WORK TASK: Skip the pictures. Output only the lines below starting at the line with "this 1280×960 image." and ending at the line with "Some of the words", both ends included, exactly as they are.

RAW DATA:

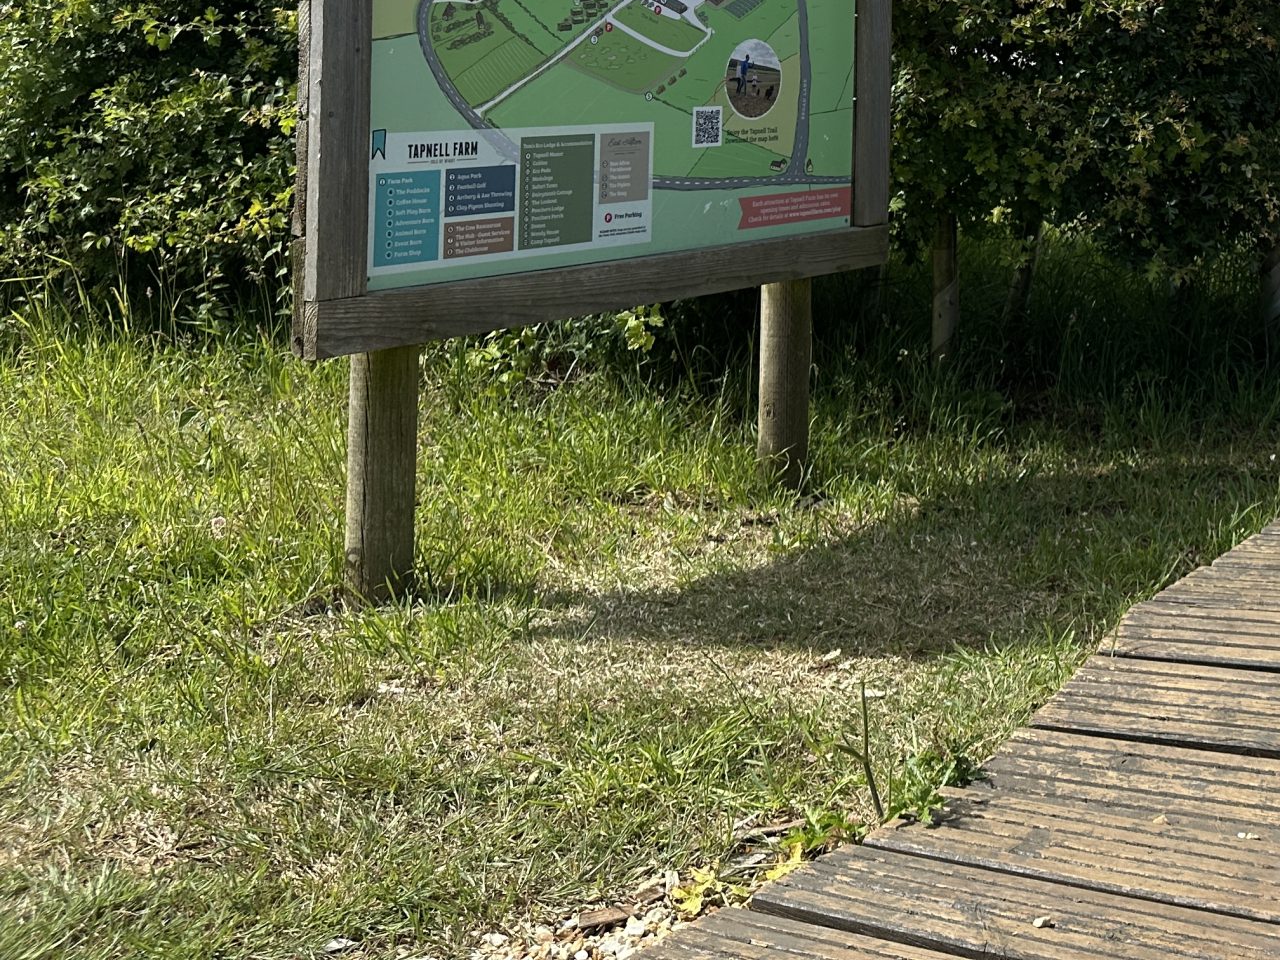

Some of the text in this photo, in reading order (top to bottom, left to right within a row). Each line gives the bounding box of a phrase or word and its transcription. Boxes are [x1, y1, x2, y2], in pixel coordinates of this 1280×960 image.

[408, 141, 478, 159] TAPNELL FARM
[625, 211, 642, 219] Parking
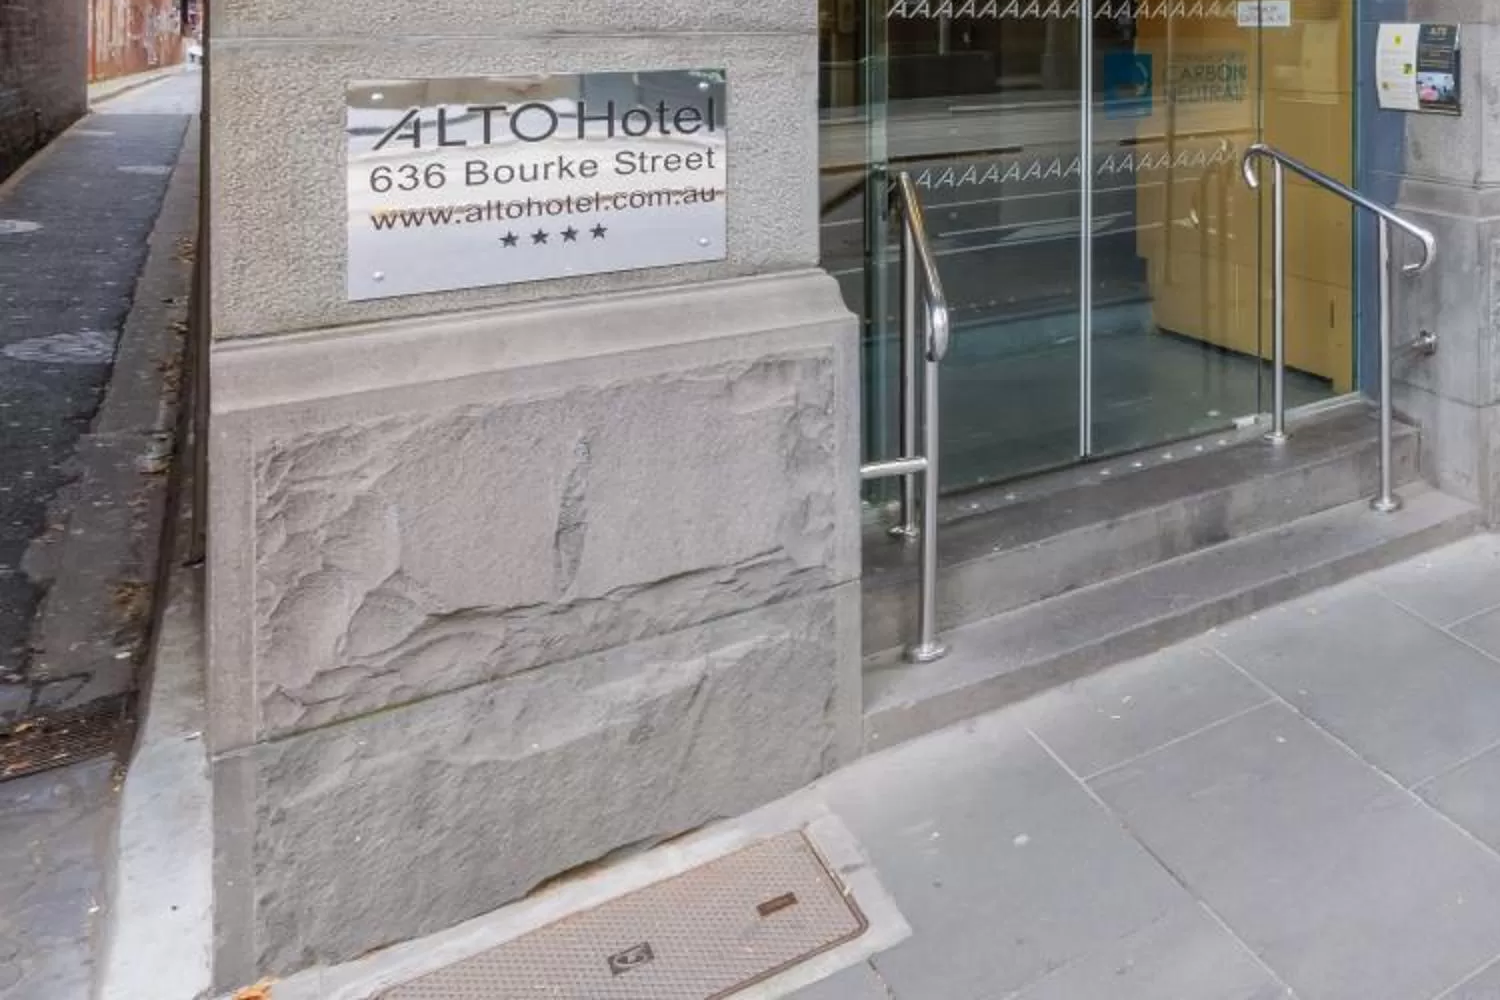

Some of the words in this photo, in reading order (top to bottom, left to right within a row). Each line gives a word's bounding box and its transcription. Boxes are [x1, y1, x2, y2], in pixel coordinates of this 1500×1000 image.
==
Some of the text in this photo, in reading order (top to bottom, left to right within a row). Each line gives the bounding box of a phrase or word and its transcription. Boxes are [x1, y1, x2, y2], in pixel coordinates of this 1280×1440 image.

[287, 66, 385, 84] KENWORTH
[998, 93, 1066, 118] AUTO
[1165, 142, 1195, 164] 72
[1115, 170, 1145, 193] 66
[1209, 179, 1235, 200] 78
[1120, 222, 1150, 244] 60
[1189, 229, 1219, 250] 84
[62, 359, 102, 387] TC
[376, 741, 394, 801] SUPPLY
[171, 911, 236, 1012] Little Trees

RESPONSE TO THE EXERCISE:
Some of the text in this photo, in reading order (top to bottom, left to right within a row). Each line gives the bounding box of a phrase or word and its transcription. Boxes are [x1, y1, x2, y2], in pixel coordinates of this 1280×960 image.

[408, 141, 478, 159] TAPNELL FARM
[625, 211, 642, 219] Parking

Some of the words in this photo, in reading order (top to bottom, left to right within a row). Each line gives a word's bounding box and its transcription. Boxes are [x1, y1, x2, y2], in pixel coordinates of this 1500×1000 image.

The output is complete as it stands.